Given data:
:::

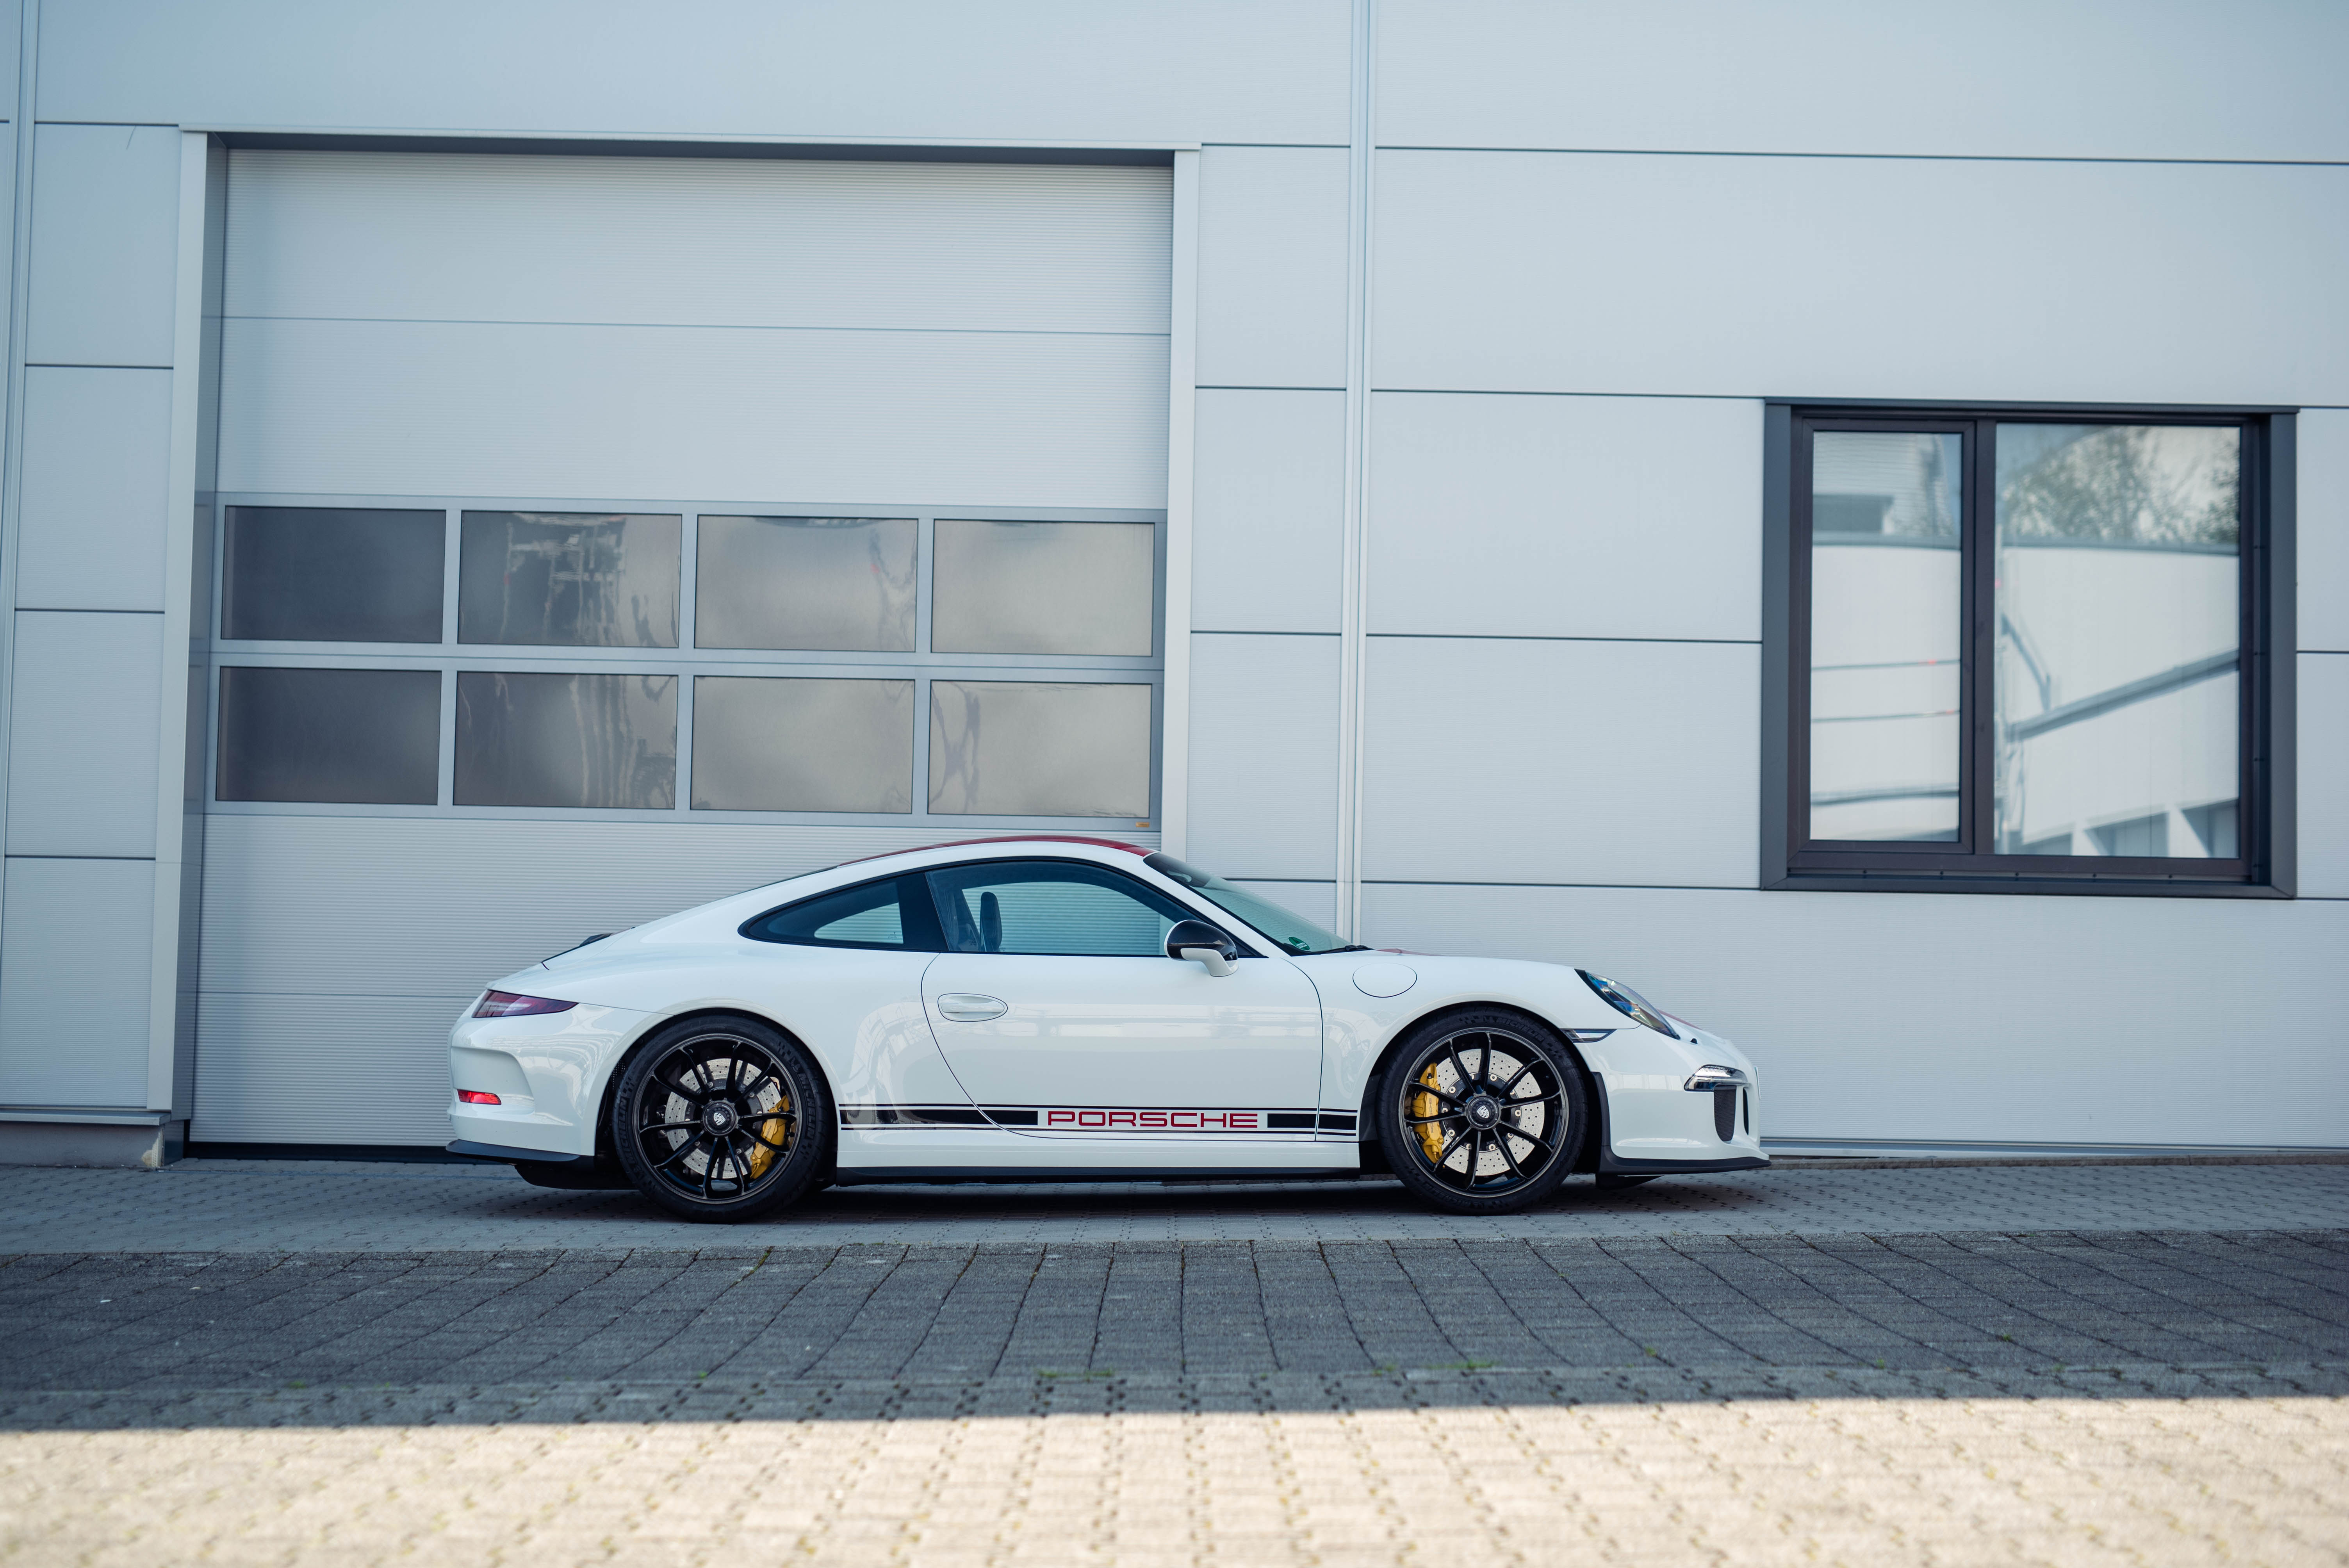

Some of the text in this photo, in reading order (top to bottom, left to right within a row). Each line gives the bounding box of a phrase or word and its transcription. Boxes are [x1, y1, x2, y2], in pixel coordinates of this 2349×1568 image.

[1496, 1017, 1544, 1042] MICHELIN
[798, 1073, 815, 1140] MICHELIN
[1048, 1111, 1258, 1128] PORSCHE
[619, 1098, 636, 1164] MICHELIN

:::

Required work:
Each record above should come back exactly the same, only without its pictures.

Result:
Some of the text in this photo, in reading order (top to bottom, left to right within a row). Each line gives the bounding box of a phrase or word and its transcription. Boxes are [x1, y1, x2, y2], in pixel coordinates of this 2349×1568 image.

[1496, 1017, 1544, 1042] MICHELIN
[798, 1073, 815, 1140] MICHELIN
[1048, 1111, 1258, 1128] PORSCHE
[619, 1098, 636, 1164] MICHELIN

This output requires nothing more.